Determined to press home their demand for the implementation of the new minimum wage, workers in the Oyo State public sector will from today (Tuesday) begin an indefinite industrial action.
The decision to embark on the strike ahead of the Wednesday’s commencement of the three-day warning strike declared by the national leadership of the NLC and TUC was after its congress in Ibadan , the state capital.
The Bauchi State NLC yesterday threw its weight behind the decision of national body of the union to embark on the strike.
Its chairman, Comrade Hashimu Gital, stated this in a press conference held at the NLC state council chamber in Bauchi.
Gital said the federal, state and local governments as well as all the stakeholders were not sincere on the non implementation of legislated minimum wage.
In another development, NECA yesterday in Lagos kicked against the planned strike, insisting that it has directed its members in the private sector to sanction any employee who is involved in the strike.
The association has also called on labour to consider the plight of the private sector employers that have long started implementation of the New Minimum Wage Act in their plans to plunge the economy into crisis through the strike.
NECA’s President, Chief Richard Uche, made the declarations while briefing newsmen of the association’s position in the way and manner government and labour have been handling the implementation of the National Minimum Wage Act (NMWA) 2011 that may plunge the economy into crisis.
“We appeal to the NLC and TUC for a deep reflection on this issue and implore them to demonstrate restraint and responsibility in the way they use strike to pursue their objectives,” he said.
Meanwhile, Rivers State Governor and the chairman of Governors’ Forum, Rotimi Chibuike Amaechi, has again appealed to labour to shelve the strike.
ahead of the planned meeting with labour and Governors’ Forum, Amaechi called on the NLC and TUC to put off the planned action as government at all levels have agreed to pay.
In a statement, Monday night from Abuja , his Senior Adviser, Media and Publicity, David Iyofor, quoted Governor Amaechi to have said that:
‘For the sake of our country, in the interest of Nigeria , Labour should please not embark on the strike action tomorrow. With Governors now agreeing to pay the minimum wage, I believe the fundamental issue that should have led to labour going on strike have been resolved. If there are other issues that are still outstanding, these can be easily resolved through dialogue. We, the governors have accepted to pay the N18, 000 minimum wage, which I believe is the main issue at stake.’

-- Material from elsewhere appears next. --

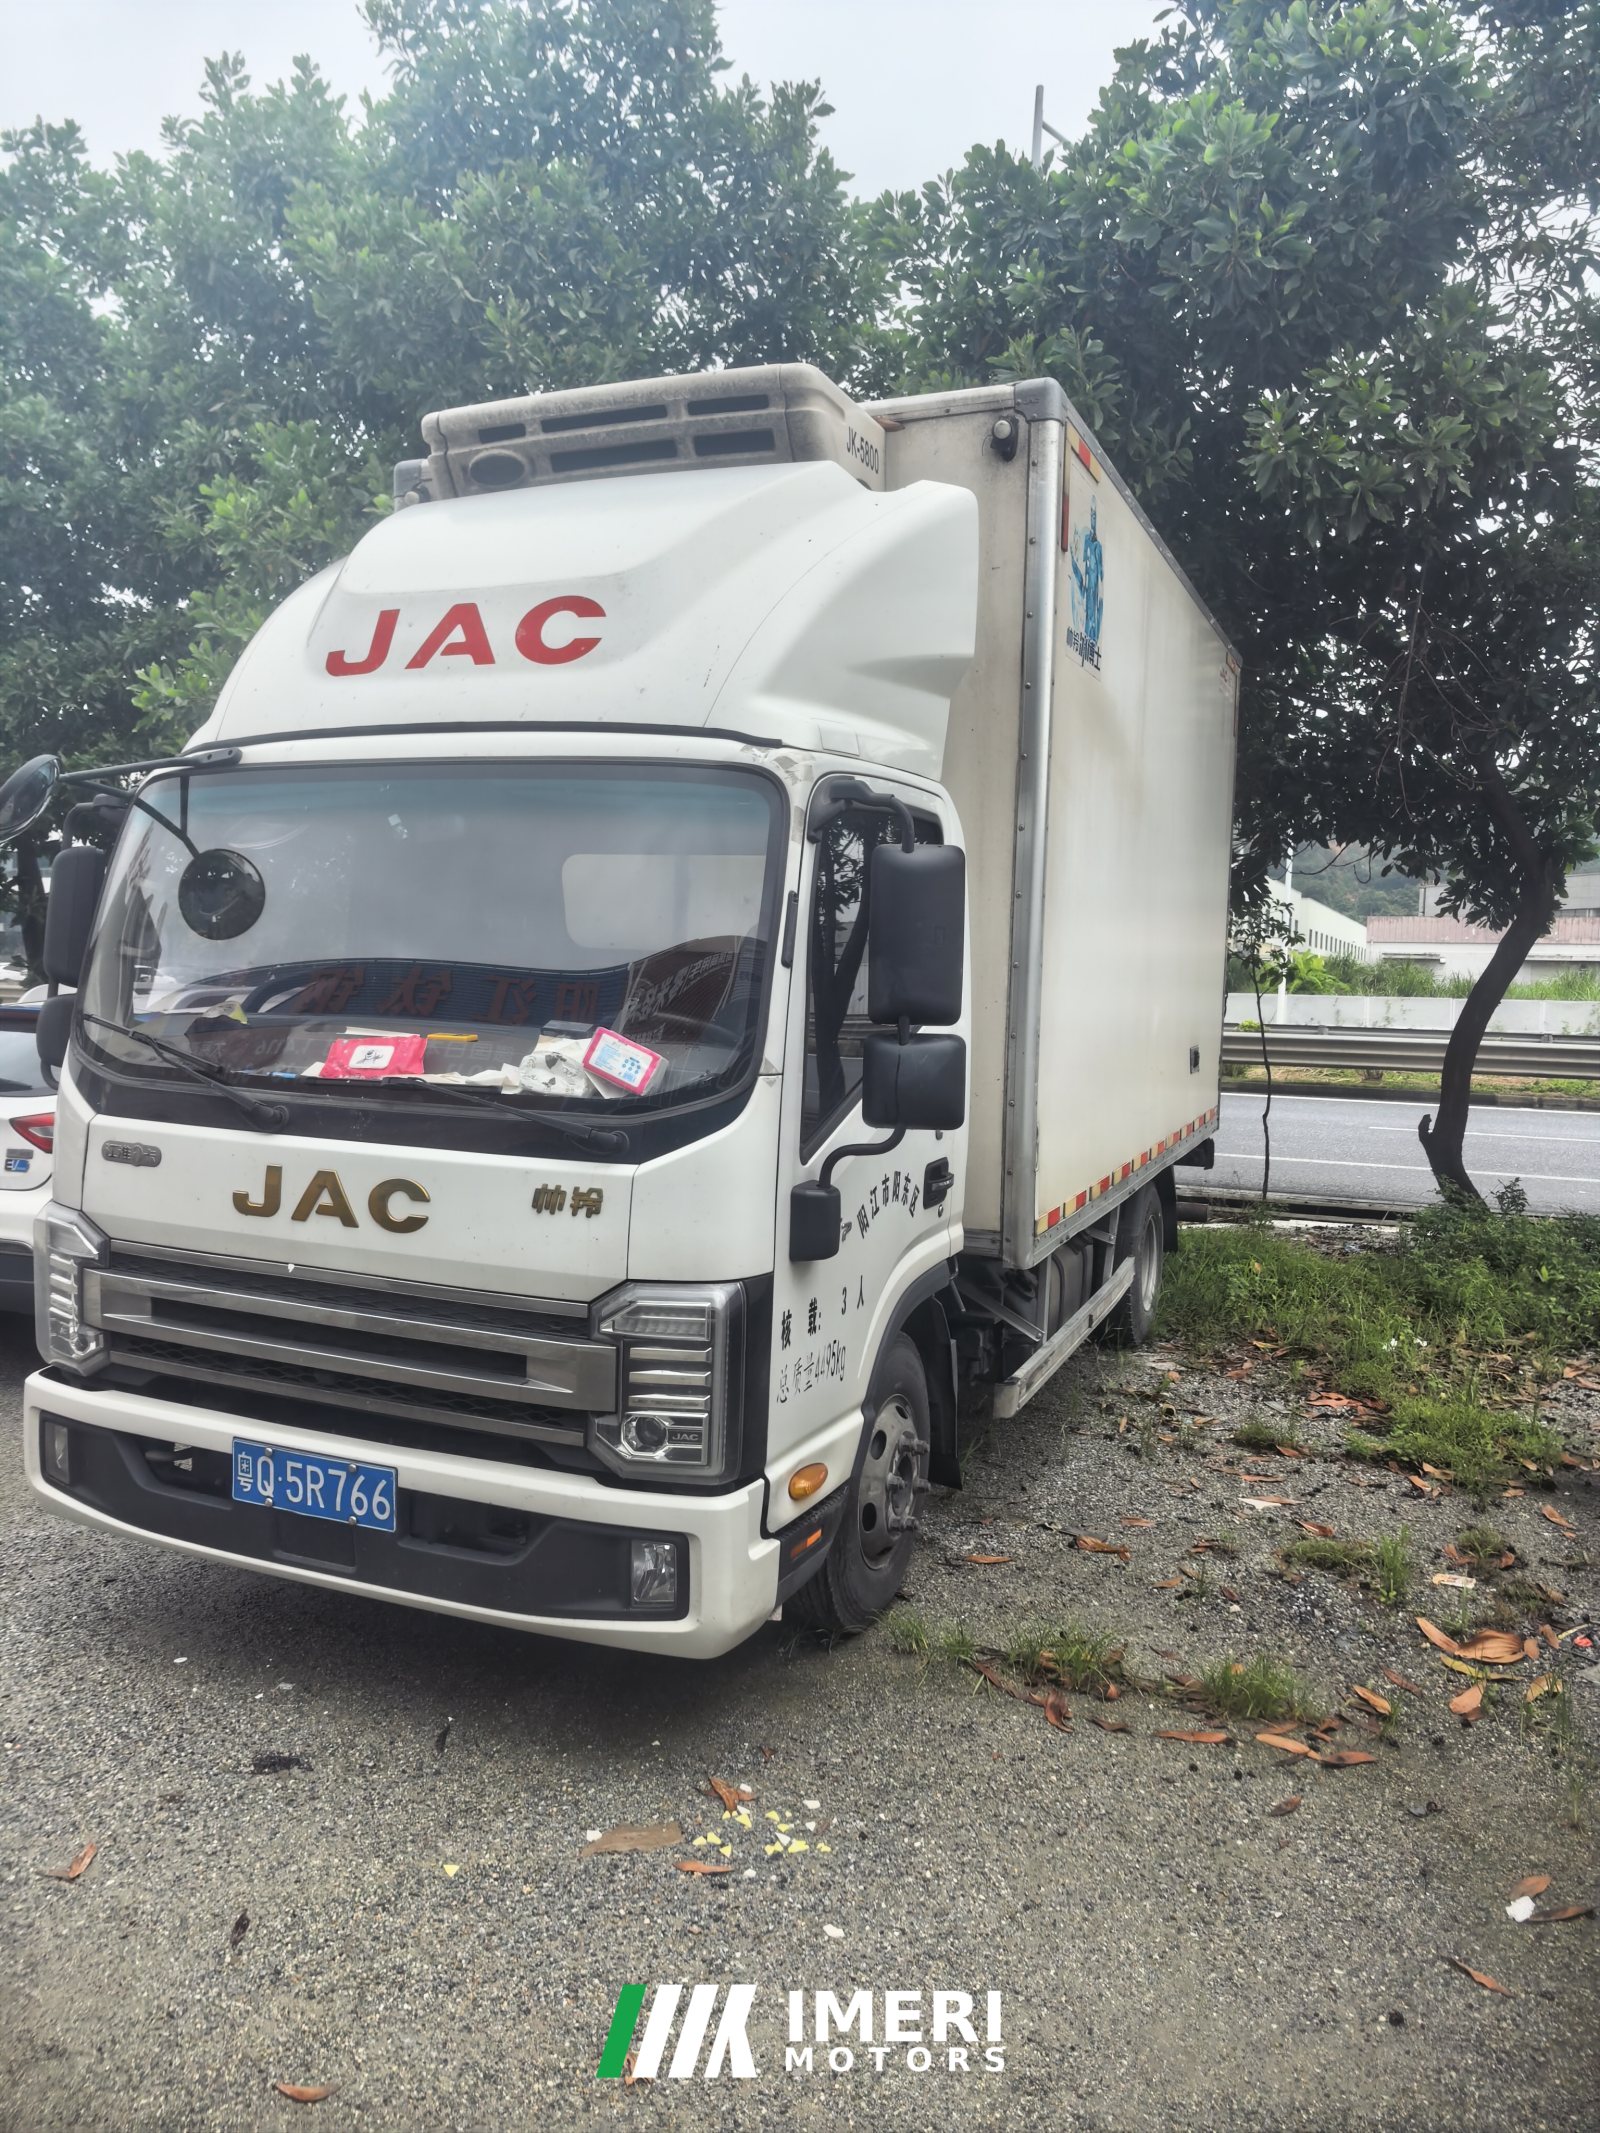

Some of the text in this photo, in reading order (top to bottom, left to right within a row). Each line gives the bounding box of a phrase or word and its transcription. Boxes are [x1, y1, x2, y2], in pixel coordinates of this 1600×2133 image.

The governors had after a meeting in Abuja last Friday agreed to pay the new salary but Labour’s grouse is on arrears and a written agreement committing the governors.
The governors are expected to meet with the labour leadership today in Abuja to deliberate on the way to avoid the strike, even as the TUC President General, Comrade Peter Esele has vowed that only written commitment and immediate implementation and not words from the government could forestall the planned strike.